Des décennies durant, l’économie angolaise s’est résumée à une seule matière première : le pétrole. Deuxième producteur africain de brut, le pays a vécu au rythme des cours mondiaux, offrant un cas d’école du syndrome hollandais, ce concept économique qui décrit les effets pervers d’une rente sur une économie. Les pétrodollars alimentaient en effet une dépendance aux importations : l’Angola extrayait des richesses du sous-sol tout en achetant à l’étranger l’essentiel de ce qu’il consommait.
Des transformations rapides n’en étaient pas moins à l’œuvre.

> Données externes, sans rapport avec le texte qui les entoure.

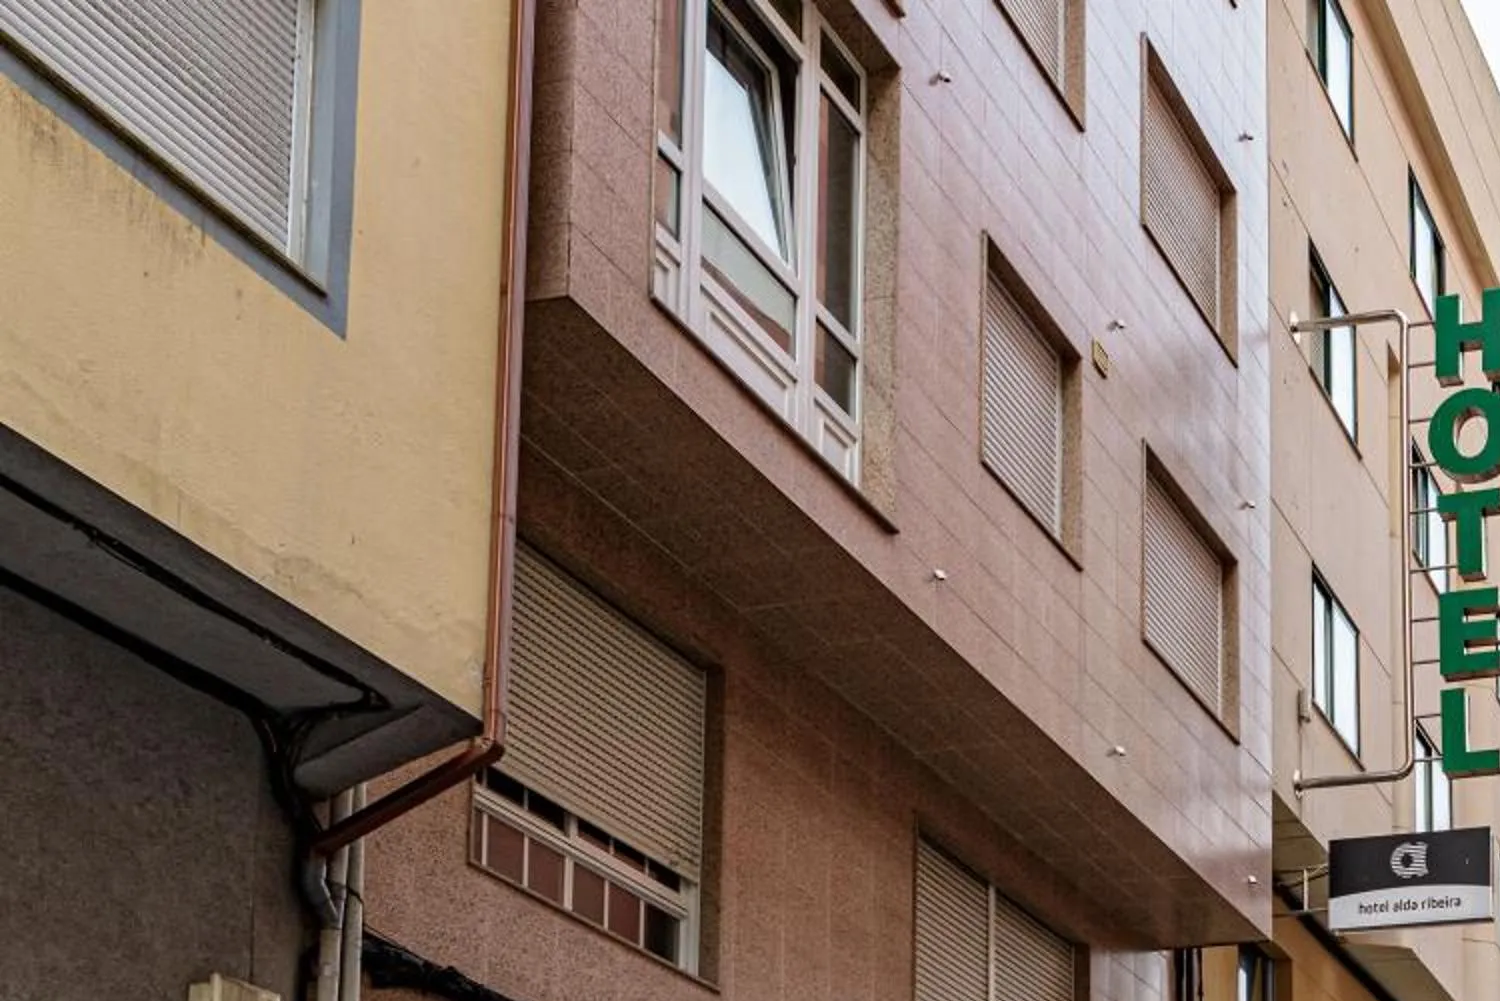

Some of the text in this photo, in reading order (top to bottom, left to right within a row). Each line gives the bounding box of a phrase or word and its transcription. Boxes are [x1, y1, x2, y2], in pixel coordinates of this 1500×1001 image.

[1358, 896, 1462, 915] hotel alda ribeira

En marge de l’Africa CEO Forum de Kigali, José de Lima Massano, ministre d’État chargé de la Coordination économique, a ainsi annoncé que l’agriculture dépassait désormais le pétrole dans la contribution au PIB – un basculement qui inverse des décennies de logique économique. « Même en Angola, quand on annonce que l’agriculture est désormais numéro un, les gens sont stupéfaits, confie José de Lima Massano. Ils demandent : mais que se passe-t-il ? »
De 14 % à 25 % du PIB en une décennie
Une grande partie de la réponse à cette question réside dans le lent démantèlement des vulnérabilités de l’État pétrolier. Les chiffres sont éloquents : il y a dix ans, l’agriculture représentait à peine 14 % du PIB. Ce chiffre s’élève aujourd’hui à environ 25 %. Le pétrole, longtemps poids lourd de l’économie, est tombé à quelque 15 %.
Si le brut reste vital – il demeure la principale source de devises étrangères – il n’est plus le moteur principal de la production intérieure. Ce rééquilibrage n’est pas le simple fait d’une production pétrolière en recul. Depuis l’arrivée au pouvoir de João Lourenço en 2017 – et plus encore depuis sa réélection en 2022 –, le Plan national de développement quinquennal a érigé la sécurité alimentaire en priorité quasi régalienne.